Why Inflation Is So Sticky

Put these forces together and you can see why inflation, once it gains momentum, is so stubborn. It is rarely the product of a single cause. A demand surge, an energy shock, loose money, and shifting expectations can all reinforce one another, and untangling them is hard even for experts. Prices rarely fall: wages, rents, and many contracts are written to move up, not down, a feature economists call "downward stickiness," so the ratchet tends to turn in one direction. Expectations have inertia: even after the original trigger fades, the belief that prices will keep rising can keep them rising. The cure can hurt: the main tool for fighting inflation is raising interest rates to cool demand, which works, but slowly, and often at the cost of slower growth and higher unemployment.
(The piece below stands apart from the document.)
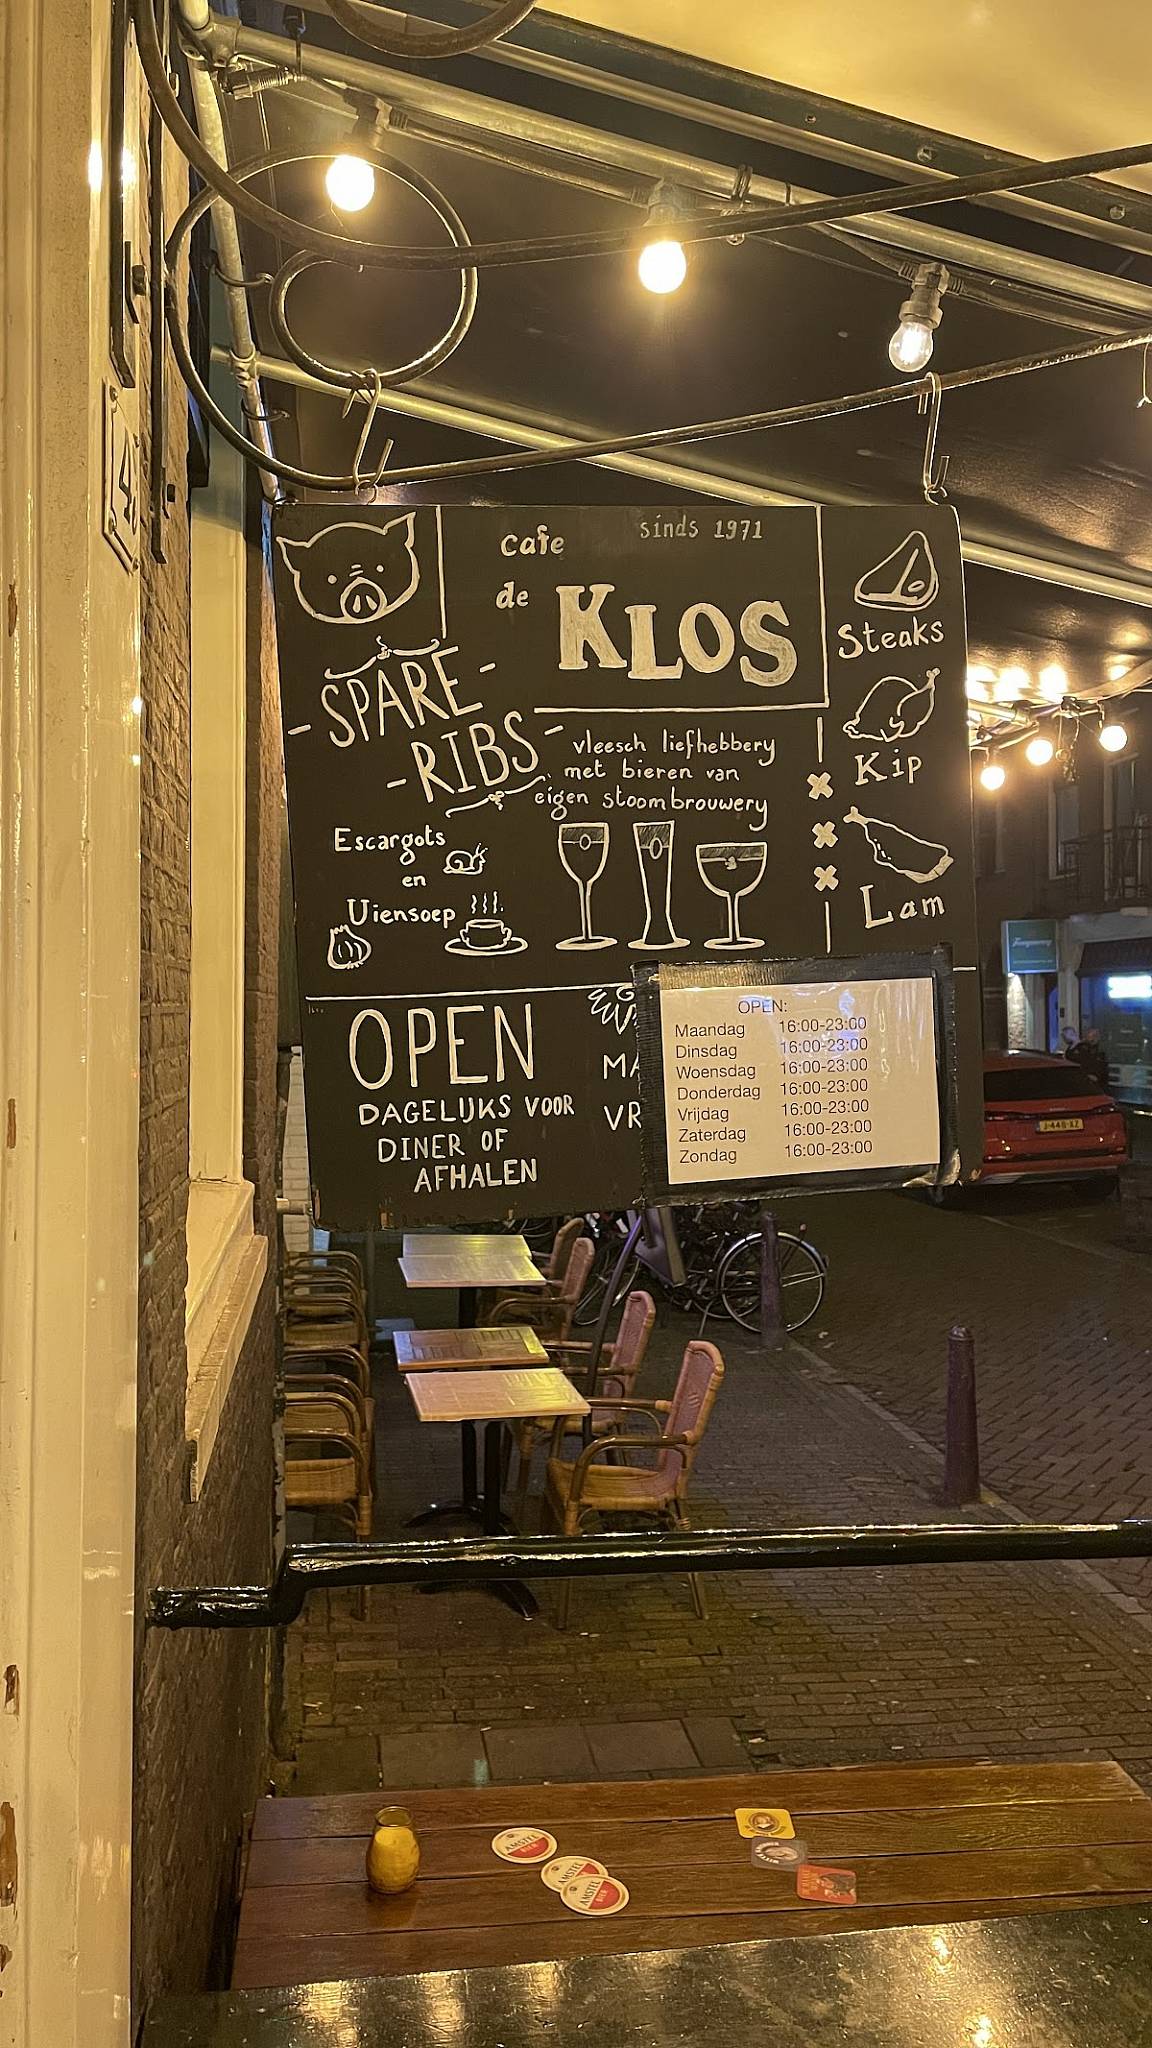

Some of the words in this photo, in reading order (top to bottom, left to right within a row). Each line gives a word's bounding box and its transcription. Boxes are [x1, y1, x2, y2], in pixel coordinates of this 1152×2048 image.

The most dramatic modern example is the United States in the late 1970s and early 1980s. After years of high inflation, the Federal Reserve under Paul Volcker raised interest rates to extraordinary levels, with key rates pushed near 20 percent. It worked: inflation fell sharply. But the cost was a deep recession and a painful spike in unemployment. That episode became the defining lesson of modern central banking, a reminder that breaking entrenched inflation often demands deliberately inflicting economic pain, which is precisely why policymakers work so hard to prevent inflation from becoming entrenched in the first place. By the time the medicine is needed, the disease is already hard to cure.

There is one more subtlety worth naming. A small, steady amount of inflation is widely considered healthy, which is why most central banks aim for a target around 2 percent rather than zero. Mild inflation gives the economy a little breathing room, encourages spending and investment rather than hoarding cash, and provides a buffer against the opposite danger, deflation, in which falling prices can choke off growth as people delay purchases waiting for things to get cheaper. The goal is not to eliminate inflation but to keep it low, stable, and predictable enough that nobody has to think about it.

Key Takeaways

Inflation is the general rise in prices over time, and it springs from four interlocking sources: demand-pull pressure when buyers outpace what the economy can produce, cost-push pressure when the price of making things rises, an expansion of the money supply that outruns real output, and expectations that quietly turn temporary price increases into self-fulfilling cycles. What makes inflation so hard to stop is that these forces reinforce each other and that prices and wages resist falling once they have risen, so a burst of inflation can outlive the shock that started it. Central banks fight it mainly by raising interest rates to cool demand, a remedy that works but often at the cost of recession and lost jobs, as the brutal disinflation of the early 1980s showed. The deepest lesson is that a little inflation is normal and even useful, but credibility is everything: once people stop believing prices will stay stable, inflation becomes far easier to start than to end.